Literature DB >> 11133442

Analysis of bacterial communities in the rhizosphere of chrysanthemum via denaturing gradient gel electrophoresis of PCR-amplified 16S rRNA as well as DNA fragments coding for 16S rRNA.

B M Duineveld1, G A Kowalchuk, A Keijzer, J D van Elsas, J A van Veen.   

Abstract

The effect of developing chrysanthemum roots on the presence and activity of bacterial populations in the rhizosphere was examined by using culture-independent methods. Nucleic acids were extracted from rhizosphere soil samples associated with the bases of roots or root tips of plants harvested at different stages of development. PCR and reverse transcriptase (RT) PCR were used to amplify 16S ribosomal DNA (rDNA) and 16S rRNA, respectively, and the products were subjected to denaturing gradient gel electrophoresis (DGGE). Prominent DGGE bands were excised and sequenced to gain insight into the identities of predominantly present (PCR) and predominantly active (RT-PCR) bacterial populations. The majority of DGGE band sequences were related to bacterial genera previously associated with the rhizosphere, such as Pseudomonas, Comamonas, Variovorax, and Acetobacter, or typical of root-free soil environments, such as Bacillus and Arthrobacter. The PCR-DGGE patterns observed for bulk soil were somewhat more complex than those obtained from rhizosphere samples, and the latter contained a subset of the bands present in bulk soil. DGGE analysis of RT-PCR products detected a subset of bands visible in the rDNA-based analysis, indicating that some dominantly detected bacterial populations did not have high levels of metabolic activity.

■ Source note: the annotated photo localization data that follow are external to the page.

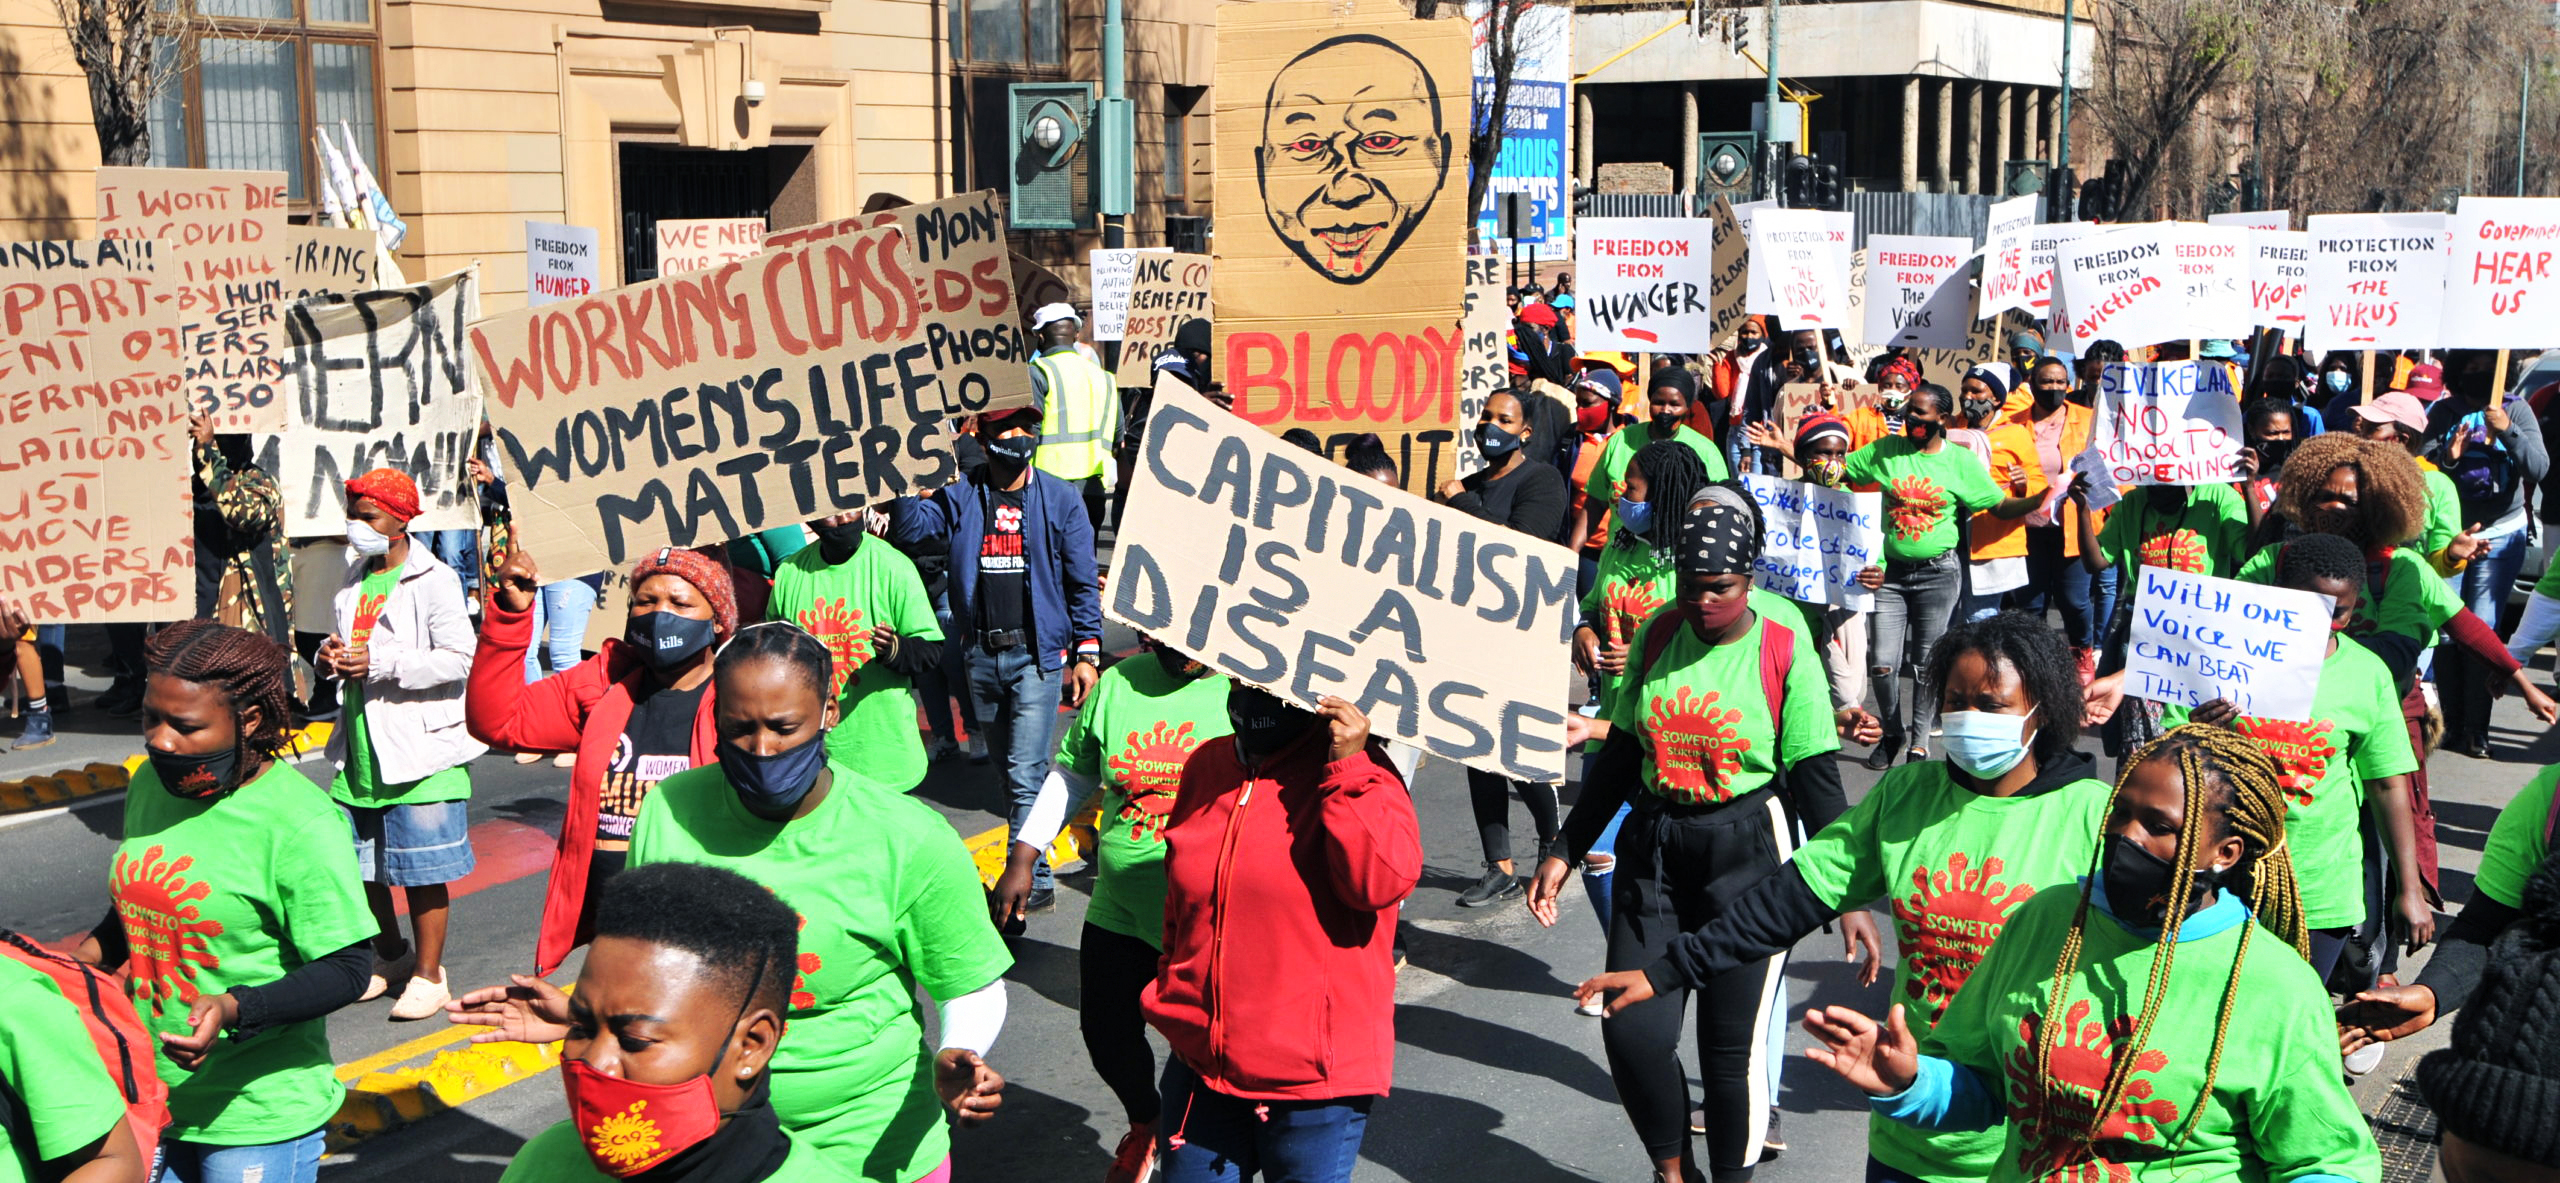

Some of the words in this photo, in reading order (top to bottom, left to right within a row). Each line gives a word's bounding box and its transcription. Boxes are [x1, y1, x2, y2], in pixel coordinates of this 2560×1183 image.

[99, 186, 121, 222] I
[243, 182, 287, 212] DIE
[660, 225, 709, 250] WE
[1766, 231, 1825, 243] PROTECTION
[1992, 214, 2033, 237] PROTECTION
[535, 237, 588, 257] FREEDOM
[1593, 239, 1689, 257] FREEDOM
[1788, 249, 1814, 260] FROM
[1998, 247, 2021, 269] THE
[2074, 242, 2160, 272] FREEDOM
[2318, 237, 2435, 254] PROTECTION
[184, 261, 194, 282] I
[203, 254, 275, 281] WILL
[286, 239, 366, 284] IRING
[548, 258, 574, 272] FROM
[1135, 258, 1173, 286] ANC
[1182, 262, 1211, 288] CO
[1617, 264, 1664, 278] FROM
[1879, 251, 1957, 269] FREEDOM
[2348, 259, 2398, 273] FROM
[2473, 251, 2552, 285] HEAR
[1792, 266, 1815, 283] THE
[1897, 271, 1935, 285] FROM
[1986, 270, 2021, 300] VIRUS
[2098, 266, 2141, 286] FROM
[178, 284, 221, 314] BY
[1133, 290, 1208, 312] BENEFIT
[1783, 283, 1826, 309] VIRUS
[1901, 288, 1925, 308] The
[2251, 276, 2307, 311] Viole
[2347, 280, 2389, 297] THE
[1588, 281, 1706, 333] HUNGER
[2075, 275, 2162, 340] eviction
[2330, 301, 2400, 328] VIRUS
[2491, 290, 2526, 316] US
[470, 262, 757, 408] WORKING
[762, 226, 920, 357] CLASS
[1098, 322, 1124, 335] YOUR
[1125, 316, 1167, 338] BOSS
[926, 322, 1026, 371] PHOSA
[1226, 326, 1464, 426] BLOODY
[186, 383, 274, 416] 350
[938, 371, 992, 412] LO
[108, 402, 184, 435] NAL
[497, 366, 801, 491] WOMEN'S
[808, 342, 944, 437] LIFE
[2113, 402, 2168, 439] NO
[2183, 426, 2227, 456] TO
[597, 423, 957, 565] MATTERS
[1147, 404, 1577, 644] CAPITALISM
[1762, 526, 1841, 554] rotect
[1219, 523, 1310, 613] IS
[1349, 588, 1427, 664] A
[2243, 603, 2302, 632] ONE
[659, 635, 684, 650] kills
[2244, 638, 2288, 663] WE
[1113, 543, 1566, 785] DISEASE
[2136, 641, 2190, 667] CAN
[2200, 654, 2254, 684] BEAT
[1251, 716, 1277, 730] kills
[1661, 730, 1720, 749] SOWETO
[1135, 759, 1184, 775] SOWET
[1666, 759, 1709, 771] SINQO
[119, 899, 179, 931] SOWETO
[1926, 912, 2003, 940] SOWETO

The sequences detected by the RT-PCR approach were, however, derived from a wide taxonomic range, suggesting that activity in the rhizosphere was not determined at broad taxonomic levels but rather was a strain- or species-specific phenomenon. Comparative analysis of DGGE profiles grouped all DNA-derived root tip samples together in a cluster, and within this cluster the root tip samples from young plants formed a separate subcluster. Comparison of rRNA-derived bacterial profiles showed no grouping of root tip samples versus root base samples. Rather, all profiles derived from 2-week-old plant rhizosphere soils grouped together regardless of location along the root.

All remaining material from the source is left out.